11.09.2014

Führungskräfte auf den Ruhestand vorbereiten: Karriere-Rückbau

Maren Schrötgens wird für ihre Bachelor-Arbeit mit dem Preis der Erich-Gutenberg-Gesellschaft ausgezeichnet.

Herford (fhb). Maren Schrötgens (23), Studentin der Wirtschaftspsychologie an der Fachhochschule Bielefeld, wurde am vergangenen Dienstag mit dem Preis der Erich-Gutenberg-Gesellschaft für ihre Bachelor-Arbeit zum Thema Karriere-Rückbau ausgezeichnet.
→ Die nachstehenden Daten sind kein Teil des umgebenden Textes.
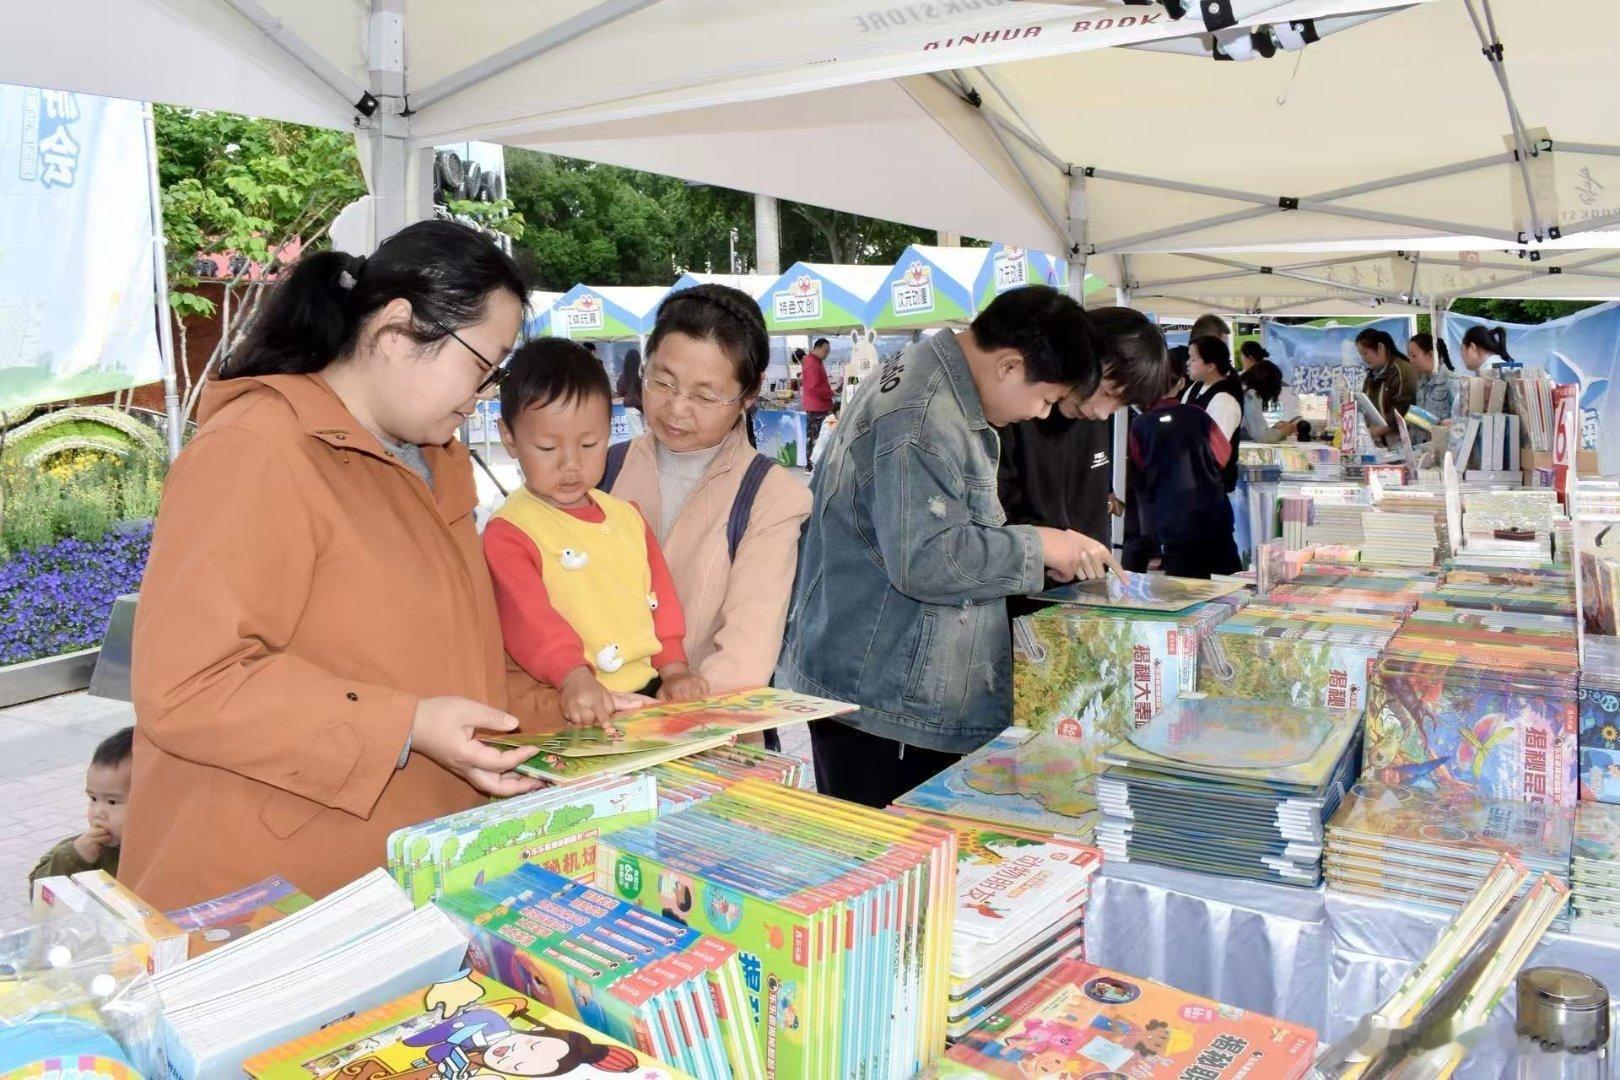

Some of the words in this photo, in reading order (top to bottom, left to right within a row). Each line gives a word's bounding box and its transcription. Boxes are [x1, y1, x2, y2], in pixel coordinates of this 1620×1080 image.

[1071, 12, 1184, 33] BOOK
[779, 299, 815, 316] 特色文创
[1134, 644, 1152, 729] 揭秘大秦
Der Preis ist mit 1.000 Euro dotiert.

Als Karriere-Rückbau wird der Übergang von einer Vollzeitstelle in den Ruhestand bezeichnet. "Dieser neue Lebensabschnitt wird oft unterschätzt und der Übergang muss dementsprechend besser gestaltet werden«, meint Schrötgens. Sie hat sich insbesondere mit dem Personal der Gebr. Brasseler GmbH in Lemgo beschäftigt. Einige Führungskräfte wechseln dort ab 2020 in den Ruhestand. "Deshalb sind die Nachfolgeplanung und die Wissenskonservierung wichtige Themen«, so Schrötgens.

Berufliche Karrieren sollten, so ihre Vorstellung, nicht kurz vor dem Ruhestand ihren Höhepunkt erreichen, sondern stattdessen in einem Karriere-Bogen verlaufen. Die Führungskräfte würden gegen Ende ihres Berufslebens wieder ein paar Sprossen der Karriereleiter hinabsteigen, um jüngeren den Einstieg rechtzeitig zu ermöglichen. »Hierfür muss aber ein Umdenken in der Gesellschaft und in den Unternehmen stattfinden. Denn heute wird dies noch vom beruflichen und privaten Umfeld als Statusverlust, Degradierung oder Niederlage angesehen«, sagt Schrötgens.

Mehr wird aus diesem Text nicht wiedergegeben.